We heard it in Q3 retail investor calls, albeit with a host of caveats. We’re also starting to hear it from some home textiles suppliers, who seem to feel that the industry might be settling back into its pre-pandemic cadence of incremental growth. As one vendor exec put it: “I think we’ve digested all the craziness.”
If anything, the “new” incremental growth will be as tough as it ever was to achieve – if not tougher. For those keeping a tally, here’s the retail inventory that has vanished from the scene since last January: over 700 Bed Bath & Beyond stores, nearly 500 Tuesday Morning stores, over 130 buybuy Baby stores and 80 Christmas Tree Shops.
That’s a whole lot of shelf space that won’t be replaced anytime soon.
Understandably, suppliers are spooked by the financial health of some big retail accounts. Activist investors have been pushing their weight around, and private equity is on the prowl. Sometimes that can be a benefit. (See JCPenney and Belk, both of which would probably have vanished from the scene otherwise). It can also mark the beginning of the end. (See Sears and Kmart.)
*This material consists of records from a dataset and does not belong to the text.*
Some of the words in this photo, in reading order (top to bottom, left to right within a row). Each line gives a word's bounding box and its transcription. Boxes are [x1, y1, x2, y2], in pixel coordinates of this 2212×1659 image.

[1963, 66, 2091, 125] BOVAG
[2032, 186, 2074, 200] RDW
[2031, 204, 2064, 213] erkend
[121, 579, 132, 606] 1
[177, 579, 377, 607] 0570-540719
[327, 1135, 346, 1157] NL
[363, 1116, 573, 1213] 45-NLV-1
Kohl’s very nearly got shoved into a private takeover in 2022. Macy’s Inc. now seems to be in the crosshairs of a group that just might be far more interested in cashing in on a real estate portfolio than running a retail company.
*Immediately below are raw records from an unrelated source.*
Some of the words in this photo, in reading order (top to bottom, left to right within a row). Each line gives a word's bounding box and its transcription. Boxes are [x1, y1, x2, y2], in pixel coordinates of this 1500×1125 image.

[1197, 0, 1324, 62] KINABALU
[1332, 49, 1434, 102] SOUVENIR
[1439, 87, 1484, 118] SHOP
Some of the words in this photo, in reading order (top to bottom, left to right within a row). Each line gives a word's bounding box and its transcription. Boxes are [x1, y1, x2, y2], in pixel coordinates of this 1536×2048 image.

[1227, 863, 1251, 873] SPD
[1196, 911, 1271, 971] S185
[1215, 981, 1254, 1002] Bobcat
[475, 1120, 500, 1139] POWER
And suppliers worry about the health of other vendors in the industry. Last year didn’t see as much of a shake-out on the wholesale side as a lot of people had expected. Some are wary there may be another shoe or two to drop, whether by bankruptcy or merger activity.
So where do manufacturers see opportunity? Producers in India and Pakistan report that the “China-plus” strategy is a real thing. Granted, it’s not a huge thing, but the strategy among retailers and wholesale importers to shift some production out of China is happening at the margins.
For an example of how the needle is moving, take a look at U.S. import data for synthetic sheet sets. Over the first 10 months of last year, Pakistan had just a 4% share – but that was up 42% year-over-year. India accounted for nearly 3% of imports in the category – a low number cut a 32% jump from 2023. (Don’t cry for China, though. Even though its share fell 8% it still claimed 93% of the business.)
Vendors also see continued growth ahead for warehouse clubs, off-pricers and e-commerce, holding a preference for doing online business with omni-channel accounts. And inflation has come way down for most soft home goods, offering hope that when food prices eventually follow suit, consumers will finally feel like doing some more discretionary spending in the home department. After all, it’s been four years since their last big refresh.
It’s been a long, strange trip. The industry might not be pulling onto the superhighway just yet, but at least the traffic seems to be improving.